Valtur, 300 assunzioni ma saranno tutti romeni

Addio camerieri e operai sardi nei villaggi di Golfo Aranci e Santo Stefano: affidato a una società di Bucarest il reclutamento del personale stagionale

OLBIA. Il cameriere sardo era una figura onnipresente nei film vacanzieri anni ’80 dei Vanzina e Jerry Calà. Che la zona fosse la Versilia o la Puglia non mancavano mai un Gavino o un Efisio in giacca nera e camicia bianca, che finivano spesso bistrattati dal “cumenda“ lombardo o dal borgataro romano arricchito. Oggi la figura del cameriere sardo è a rischio di estinzione. Non al cinema, ma nella realtà. Da questa estate nei tre villaggi Valtur del nord dell’isola si parlerà solo ed esclusivamente romeno. Per chi negli anni ha fatto la stagione a Golfo Aranci al Colonna Beach, nell’isola di Santo Stefano o al Baia di Conte di Alghero le porte dei villaggi potrebbero restare chiuse: 300 sono le persone che rischiano di rimanere a spasso.

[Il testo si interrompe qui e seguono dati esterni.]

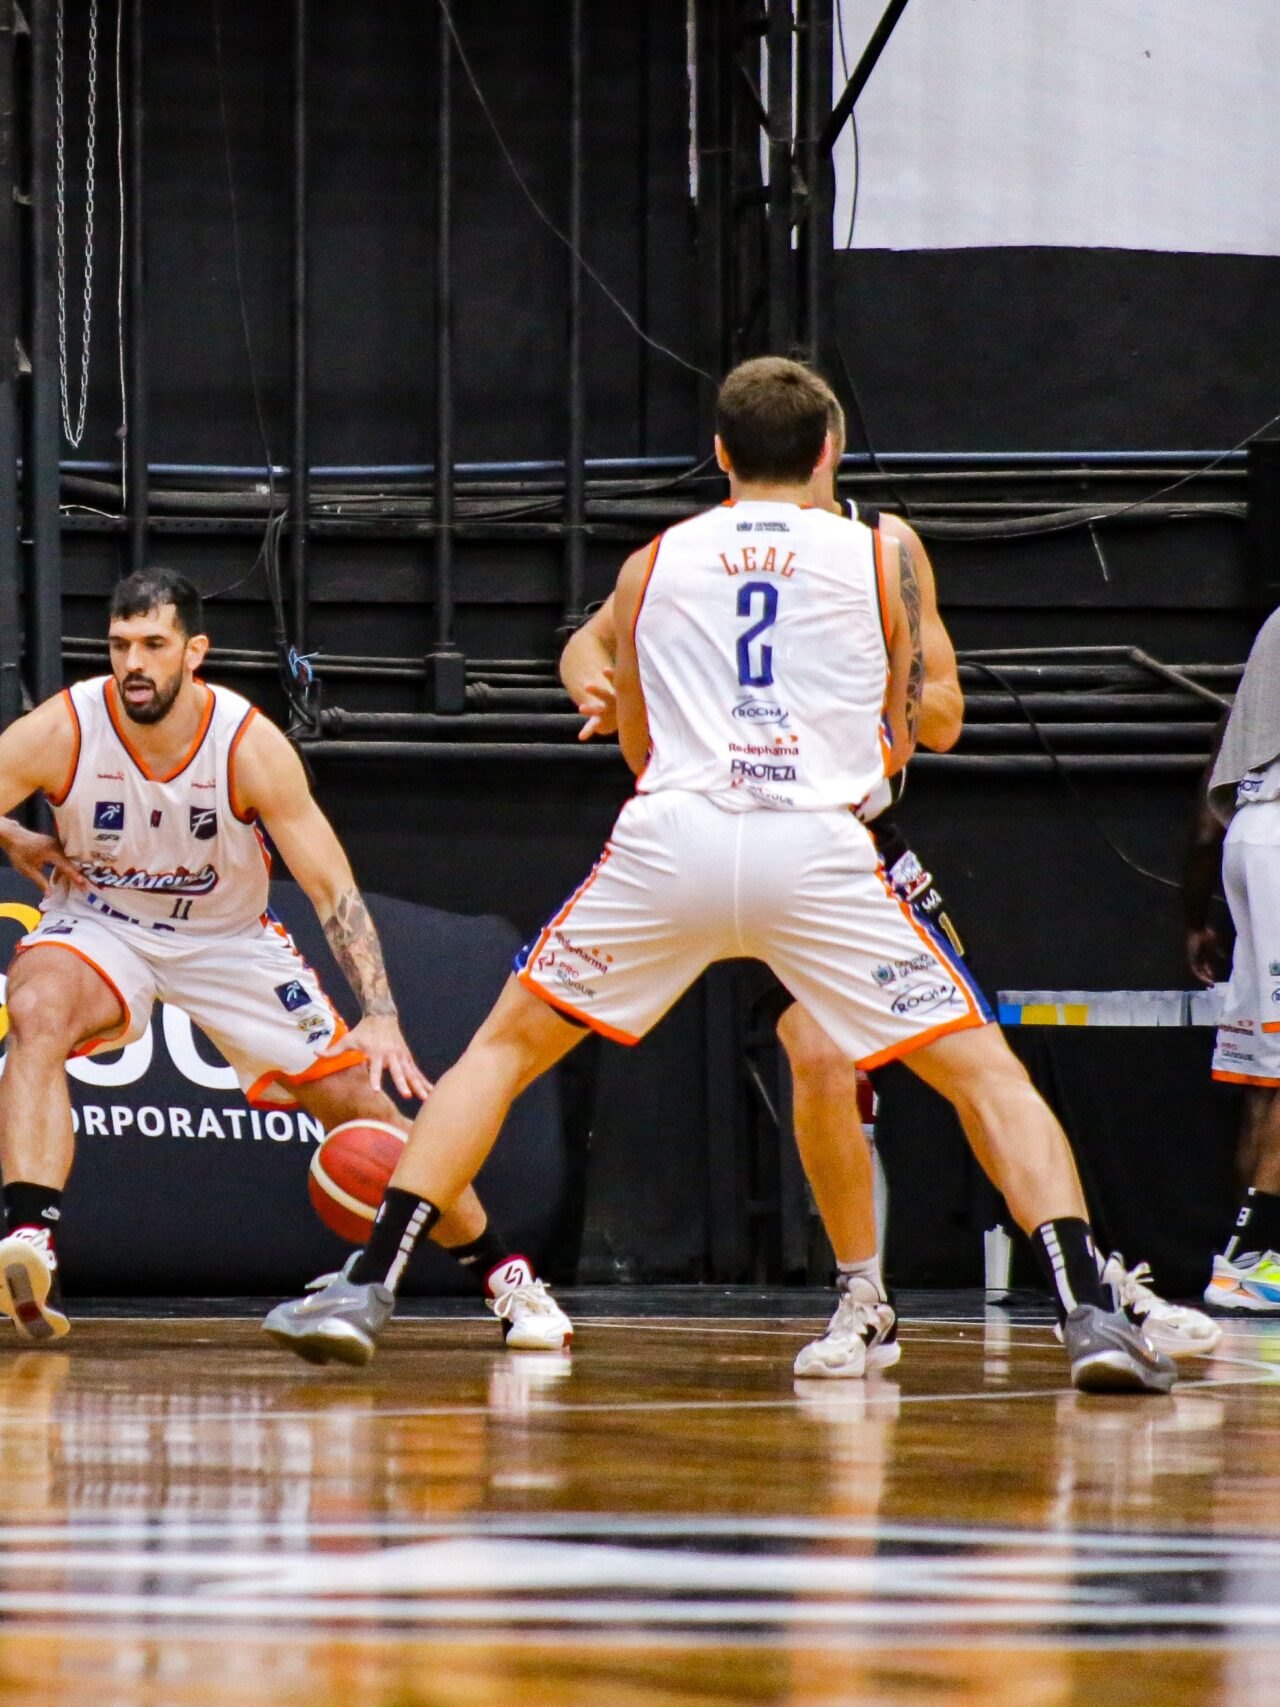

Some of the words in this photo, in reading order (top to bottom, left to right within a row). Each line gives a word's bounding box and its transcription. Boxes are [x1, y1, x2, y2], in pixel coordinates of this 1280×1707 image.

Lancia l’allarme è il segretario regionale Fisascat Cisl, l’olbiese Marco Demurtas. «La Valtur è una società sotto commissariamento _ spiega il dirigente sindacale _. Nelle scorse settimane il commissario ha dato l’ok per l’apertura estiva. Fin qui tutto bene, ma il reclutamento del personale è stato affidato a una società romena, che assume secondo le norme esistenti in Romania». Insomma, a Golfo Aranci, La Maddalena e Alghero la legge di Bucarest potrebbe avere la meglio su quella di Roma. A prima vista sembrerebbe un’assurdità giuridica, ma così non è. Tutto, infatti, ha origine nella direttiva Bolkestein, dal nome di un liberista olandese, commissario europeo ai tempi di Prodi presidente, che sancisce la libera circolazione dei servizi in ambito europeo. La direttiva, recepita un anno fa dall’Italia, adotta il principio del paese di origine: l’imprenditore che si sposta in un diverso paese europeo deve rispettare la legge del suo stato. «Inevitabilmente la società assumerà lavoratori romeni _ spiega Demurtas _. In Romania i salari sono più bassi e di conseguenza si preferirà procedere all’assunzione di loro concittadini. Due anni fa avevamo scongiurato il pericolo, mentre nella passata stagione i romeni erano già numerosi. Quest’anno, però, il rischio è che dei vecchi stagionali non ne resti neanche uno. Questo è uno svuotamento inaccettabile e la politica non può fare finta di niente. In una terra come la nostra, già alle prese con una disoccupazione che non ha precedenti, non si può assistere in silenzio a questo scenario. Nulla contro i romeni, loro vengono a lavorare per la pagnotta, ma dividere la pagnotta dove non c’è mi sembra una cosa inammissibile. I sindaci di Golfo Aranci e La Maddalena devono difendere i loro cittadini, magari chiedendo anche un confronto col commissario della Valtur per illustrare la situazione nell’isola. Non è solo un problema sindacale, ma è una questione sociale _ conclude Demurtas, affiancato in questa battaglia dalla dirigente Fisascat Eleonora Careddu _. Se dovesse passare il principio della direttiva dovremmo riconsiderare quali benefici portano strutture come la Valtur all’economia dell’isola. Sfruttano il nostro territorio senza lasciare nulla». I 3 villaggi Valtur isolani apriranno i battenti il 4 giugno per chiudere a metà settembre. Appena 3 mesi di stagione che, però, per 300 lavoratori ne valgono 12.